# Torch ML Model Driver

`TorchMLModelDriver` is the base driver needed for machine learning based portable models.
This driver provides the interface between KIM-API and TorchScript models. It works with
any arbitrary model as long as the models are TorchScript compatible and follow one of the following
calling conventions in their `forward` method`:

1. `forward(self, species, coords, n_neigh, nlist, contributing)`
2. `forward(self, descriptor)`
3. `forward(self, species, coords, graph_layer1, graph_layer2,..., contributing)`

Pattern 1 is for more conventional models which require the raw information about the system, namely
species, coordinates, number of neighbors, neighbor list and contributing atoms. Pattern 2 is for
descriptor based models, where the descriptor is computed by the KIM-API and passed to the model.
The descriptor computation is done by the `libdescriptor` library, which is a C++ library for computing
descriptor and their gradients. Pattern 3 is for graph neural networks, where the model takes the
species, coordinates and the graph layers as input. The graph layers are computed by the model driver itself
and uses the staged graphs approach for parallelization. In the GNN models on the Pytorch Geometric library is
supported, as DGL does not support TorchScript yet.

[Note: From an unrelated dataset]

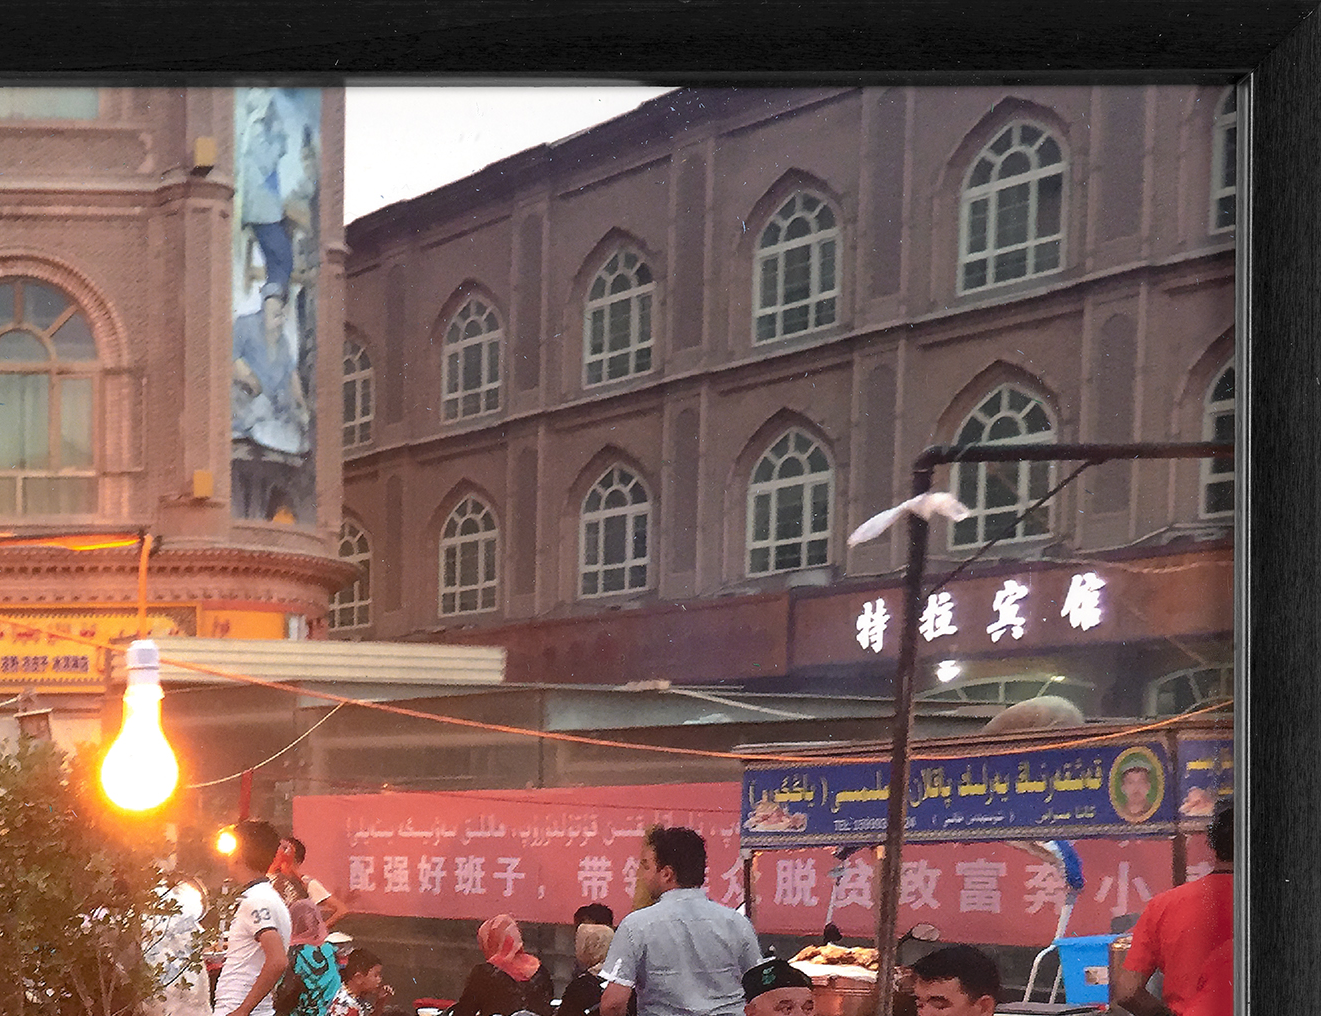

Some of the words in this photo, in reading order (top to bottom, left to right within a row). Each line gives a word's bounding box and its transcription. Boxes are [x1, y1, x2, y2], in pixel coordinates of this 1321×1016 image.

The models are supposed to provide either energy as output, or energy and forces as output. The model driver
will compute the forces from the energy, if the model does not provide the forces. If the energy tensor is not
a scalar, the model driver will sum the energy tensor to get the total energy, and assign the per atom energy
to all contributing atoms.

Below is the diagram showing the flow of information in the model driver.

## Dependencies
Model driver depends on several libraries for it to functions seamlessly. And it expects them to be
provided by the user at runtime. The core requirement of ML model driver is `libtorch` library that provides the interface
between the KIM model driver's C++ API and the TorchScript models. For Graph Neural Networks, the Torch model
shall use [Pytorch Geometric Library](https://github.com/pyg-team/pytorch_geometric). The C++ API of Pytorch Geometric lib
depends upon `torch-scatter` and `torch-sparse` libraries. The `libdescriptor` library is used for descriptor based models.

Summary of dependencies:
- libtorch (CXX11 ABI, v1.13)
- KIM-API (v2.3)
- libdescriptor (0.0.7)
- Enzyme AD (0.0.94)
- libtorchscatter
- libtorchsparse

> If your compute environment does not contain these dependencies, you can install above dependencies using the `install_dependencies.sh` script provided with the model driver source.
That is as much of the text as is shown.